18617740. Nonlinear Neural Network with Phase Normalization for Base-Band Modelling of Radio-Frequency Non-Linearities simplified abstract (Nokia Solutions and Networks Oy)
Nonlinear Neural Network with Phase Normalization for Base-Band Modelling of Radio-Frequency Non-Linearities
Organization Name
Nokia Solutions and Networks Oy
Inventor(s)
Arne Fischer-buhner of Leuven (BE)
Nonlinear Neural Network with Phase Normalization for Base-Band Modelling of Radio-Frequency Non-Linearities - A simplified explanation of the abstract
This abstract first appeared for US patent application 18617740 titled 'Nonlinear Neural Network with Phase Normalization for Base-Band Modelling of Radio-Frequency Non-Linearities
Simplified Explanation: The patent application discusses a method to mitigate non-linearity in a data communication chain by using a neural network.
- **Key Features and Innovation:**
- Obtaining a data communication signal with complex-valued input samples. - Capturing a current sample and a set of delayed samples from the input. - Generating a phase-normalized input signal by normalizing the phase of the samples. - Providing the phase-normalized signal to a neural network to mitigate non-linearity. - Denormalizing the output sample to restore the phase of the data communication signal.

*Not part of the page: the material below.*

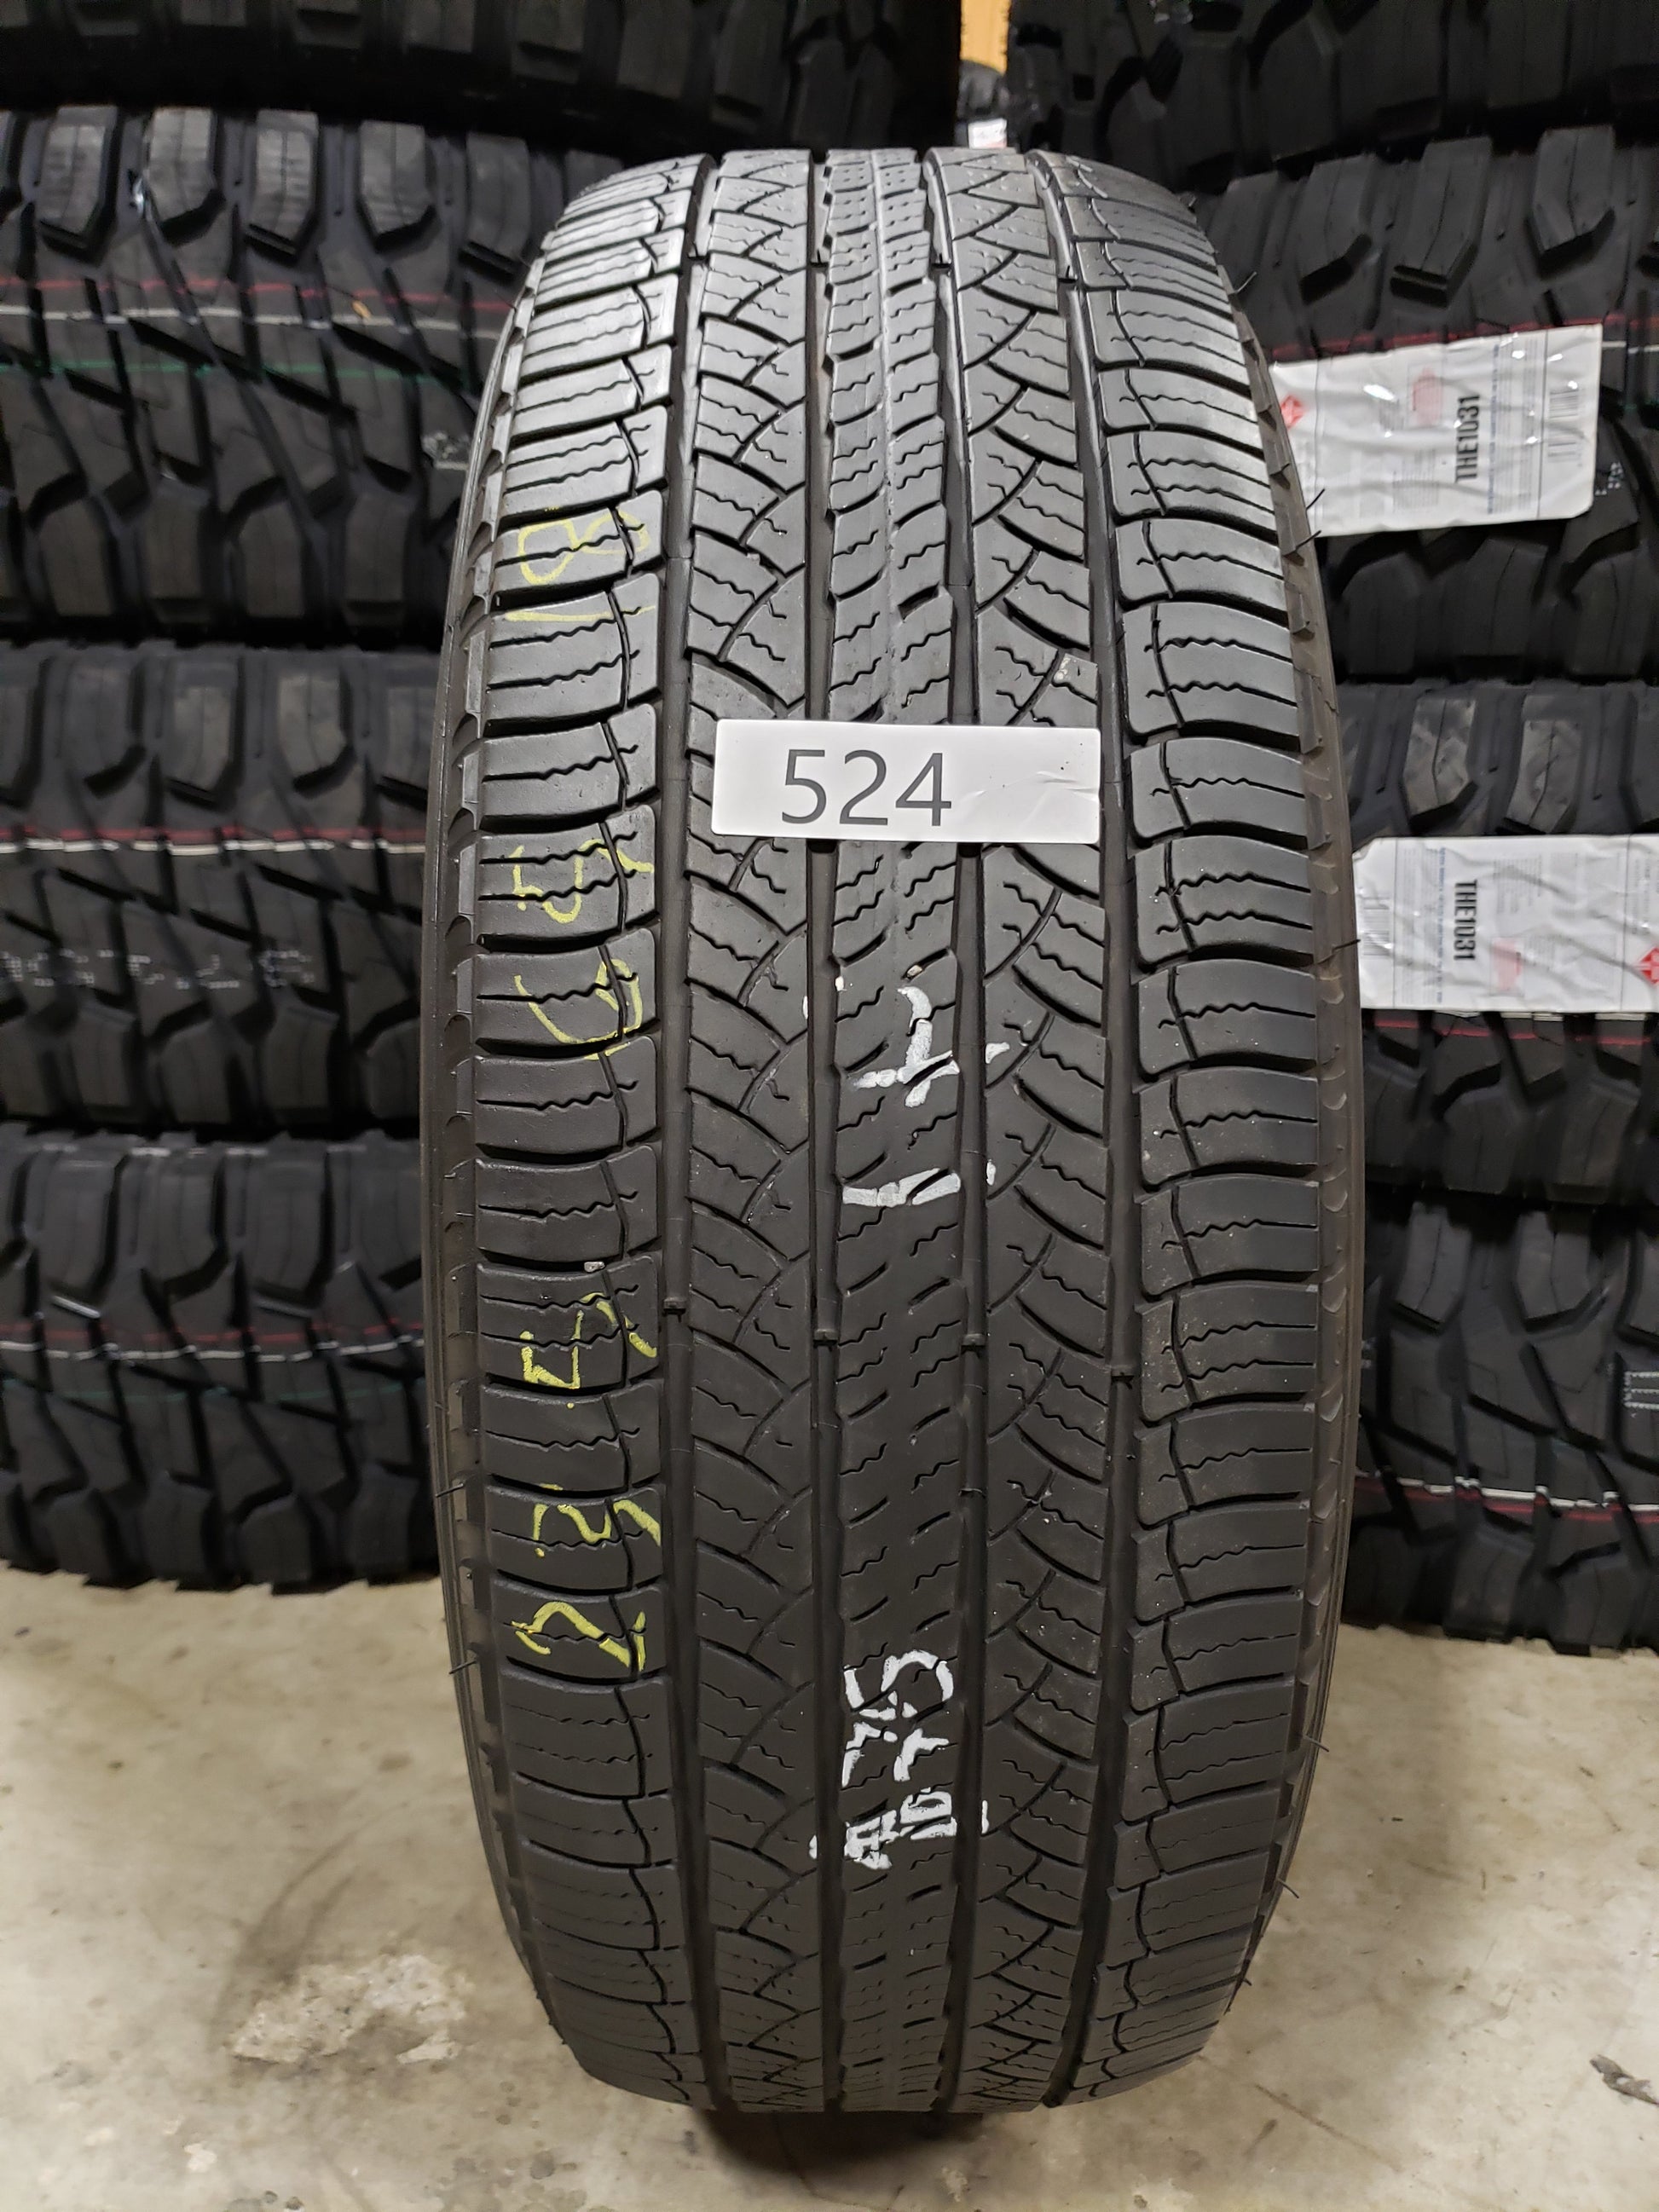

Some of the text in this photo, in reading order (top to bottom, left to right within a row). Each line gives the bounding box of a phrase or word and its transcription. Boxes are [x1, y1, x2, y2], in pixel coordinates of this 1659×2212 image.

- **Potential Applications:**
- Improving the performance and efficiency of data communication systems. - Enhancing signal processing in telecommunications and networking technologies.
- **Problems Solved:**
- Addressing non-linearity issues in data communication chains. - Improving the accuracy and reliability of data transmission.
- **Benefits:**
- Enhanced signal quality and reduced distortion. - Increased data transmission speeds and efficiency.
- **Commercial Applications:**
- Telecom companies can use this technology to optimize their data communication networks. - Manufacturers of networking equipment can integrate this innovation to enhance their products.
- **Prior Art:**
- Researchers and engineers in the field of signal processing and telecommunications may have explored similar methods to mitigate non-linearity in data communication chains.
- **Frequently Updated Research:**
- Stay updated on advancements in neural network applications in signal processing and data communication technologies.
Questions about Mitigation of Non-Linearity in Data Communication Chain: 1. How does the normalization of phase help in mitigating non-linearity in data communication chains? 2. What are the potential challenges in implementing neural networks for non-linearity mitigation in data communication systems?
Original Abstract Submitted
Various example embodiments relate to mitigation of a non-linearity in a data communication chain. A method may include: obtaining a data communication signal including a plurality of complex-valued input samples; capturing, from the plurality of complex-valued input samples, a current sample and a set of delayed samples; generating a phase-normalized input signal based on normalizing phase of the current sample and the set of delayed samples by a normalization term, wherein the normalization term is common for the current sample and the set of delayed samples; providing the phase-normalized input signal to a neural network configured to mitigate non-linearity of a data communication chain and to output a complex-valued output sample for each of the plurality of complex-valued input samples; and denormalizing phase of the complex-valued output sample by a denormalization term configured to restore phase of the data communication signal.